Terry thought about his grandfather: the feel of his big, safe hand holding his when he was a little boy, the way he kept sweets hidden in his pockets, the way he understood Terry’s shame when his cousin Rosalie beat him up. (Until he was nineteen or twenty anyway, when Papa told him it had to stop.) He thought about the old man's laughter, his great jowls wobbling as he wolfed down his food or gently patted at spilled drops of vino rosa as they ran down his neck. He thought of all those things he would never see or feel again.

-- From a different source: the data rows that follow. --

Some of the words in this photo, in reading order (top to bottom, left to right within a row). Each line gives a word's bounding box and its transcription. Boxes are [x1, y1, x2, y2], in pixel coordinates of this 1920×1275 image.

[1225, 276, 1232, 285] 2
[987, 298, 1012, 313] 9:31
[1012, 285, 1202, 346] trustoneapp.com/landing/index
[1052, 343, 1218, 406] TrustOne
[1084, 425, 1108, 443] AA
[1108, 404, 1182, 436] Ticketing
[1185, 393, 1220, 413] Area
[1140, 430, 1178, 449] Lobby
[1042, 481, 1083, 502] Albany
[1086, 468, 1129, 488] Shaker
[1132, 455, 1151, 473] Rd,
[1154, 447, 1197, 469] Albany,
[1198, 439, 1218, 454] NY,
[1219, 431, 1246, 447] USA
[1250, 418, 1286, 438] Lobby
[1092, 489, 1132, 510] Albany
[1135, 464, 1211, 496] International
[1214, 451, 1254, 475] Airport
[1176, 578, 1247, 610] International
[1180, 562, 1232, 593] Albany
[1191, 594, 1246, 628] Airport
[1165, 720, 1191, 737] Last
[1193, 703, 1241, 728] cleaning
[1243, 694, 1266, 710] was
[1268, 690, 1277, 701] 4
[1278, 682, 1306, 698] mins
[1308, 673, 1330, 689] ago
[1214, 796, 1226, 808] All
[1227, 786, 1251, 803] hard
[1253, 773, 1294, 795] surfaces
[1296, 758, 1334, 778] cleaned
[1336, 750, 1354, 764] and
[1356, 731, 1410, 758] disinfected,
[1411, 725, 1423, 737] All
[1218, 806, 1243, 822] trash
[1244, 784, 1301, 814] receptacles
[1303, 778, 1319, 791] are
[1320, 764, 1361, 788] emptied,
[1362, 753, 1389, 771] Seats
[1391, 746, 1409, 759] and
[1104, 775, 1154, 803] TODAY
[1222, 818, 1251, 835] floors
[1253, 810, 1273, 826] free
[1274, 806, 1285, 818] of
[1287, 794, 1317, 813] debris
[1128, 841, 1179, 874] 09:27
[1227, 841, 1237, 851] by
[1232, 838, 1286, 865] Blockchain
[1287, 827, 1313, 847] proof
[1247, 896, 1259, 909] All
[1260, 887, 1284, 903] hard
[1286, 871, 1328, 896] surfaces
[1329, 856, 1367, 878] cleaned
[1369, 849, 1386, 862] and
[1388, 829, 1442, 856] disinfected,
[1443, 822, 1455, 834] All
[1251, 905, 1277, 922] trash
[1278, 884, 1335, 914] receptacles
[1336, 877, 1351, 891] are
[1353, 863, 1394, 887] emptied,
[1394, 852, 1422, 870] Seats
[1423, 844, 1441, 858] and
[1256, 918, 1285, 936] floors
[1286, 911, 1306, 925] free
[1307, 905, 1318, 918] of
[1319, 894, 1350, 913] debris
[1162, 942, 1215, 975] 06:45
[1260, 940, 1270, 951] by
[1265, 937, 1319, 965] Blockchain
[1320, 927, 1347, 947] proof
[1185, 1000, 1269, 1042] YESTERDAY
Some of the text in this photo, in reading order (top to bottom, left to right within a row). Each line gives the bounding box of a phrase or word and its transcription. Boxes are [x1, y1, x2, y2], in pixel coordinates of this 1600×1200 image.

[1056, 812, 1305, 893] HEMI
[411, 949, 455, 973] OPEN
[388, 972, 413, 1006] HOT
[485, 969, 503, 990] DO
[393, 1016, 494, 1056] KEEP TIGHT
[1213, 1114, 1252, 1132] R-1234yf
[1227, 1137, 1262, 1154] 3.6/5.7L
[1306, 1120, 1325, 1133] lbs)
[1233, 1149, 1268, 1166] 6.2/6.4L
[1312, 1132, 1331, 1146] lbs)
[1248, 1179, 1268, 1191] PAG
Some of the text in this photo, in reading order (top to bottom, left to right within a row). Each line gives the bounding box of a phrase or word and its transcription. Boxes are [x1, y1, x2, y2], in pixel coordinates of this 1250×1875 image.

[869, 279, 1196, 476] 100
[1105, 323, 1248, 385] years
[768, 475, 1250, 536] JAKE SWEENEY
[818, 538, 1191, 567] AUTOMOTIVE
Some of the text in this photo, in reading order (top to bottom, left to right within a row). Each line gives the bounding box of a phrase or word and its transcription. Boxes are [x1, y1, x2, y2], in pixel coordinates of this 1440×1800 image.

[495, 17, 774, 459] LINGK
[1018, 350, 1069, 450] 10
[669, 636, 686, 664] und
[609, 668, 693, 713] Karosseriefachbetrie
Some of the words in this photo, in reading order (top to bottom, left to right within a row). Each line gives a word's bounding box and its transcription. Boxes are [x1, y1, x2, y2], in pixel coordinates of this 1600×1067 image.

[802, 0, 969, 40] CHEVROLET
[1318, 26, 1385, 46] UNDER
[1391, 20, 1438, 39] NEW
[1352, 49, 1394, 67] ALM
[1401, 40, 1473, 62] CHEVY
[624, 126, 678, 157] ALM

So in a sense, knocking Max Hodgson into the Greenway trench was the easiest thing he had ever done; and watching the man roar and scream as he slammed the great yellow machine into gear and covered him with enough dirt to bury an elephant, the most enjoyable. He filled the whole trench in for good measure, then drove over it with a roller, the keys of which had been left stuck in the sun visor, (the most common of all vehicular key-stashing sites.)
Terry visited the old man at the family crypt the next morning, told him he'd avenged his death, imagined him reaching out through the marble and gold plate, ruffling his hair like a thousand times before. Then he took out the broom from the caretaker's shed, swept the leaves, the trash, and the caterpillars away from the entrance, got into his Caddy and headed for home.
On the way, he drove by The Project, closed with yellow police tape and surrounded by multiple city investigation vans and police cars, though none obstructed traffic. Then something caught his eye, a lone worker standing on the island of the boulevard unsure of herself, with nothing to do. She recognized him and bolted out into traffic.
He stopped just short of running over her, got out of the car and in fleeing, she tripped, landed on her hands when she hit the pavement. Terry reached down and lifted her to her feet. "You gotta be more careful, running out into traffic like that," he said brushing her off. "Not worth it for seven dollars an hour." She looked his way like a rabbit unscathed, having been dropped by a hawk.
Terry walked back to his car-- shiny-clean, smelling of spanking new leather upholstery. He ignored the honking drivers, the distracted police, and the purposeless hardhats wandering around with nothing to do. The handle of the Caddy felt cool and solid. As he drove off he saw the roadworker girl in his rearview mirror, watching him and he waved. She lifted her hand mechanically, as if to wave back.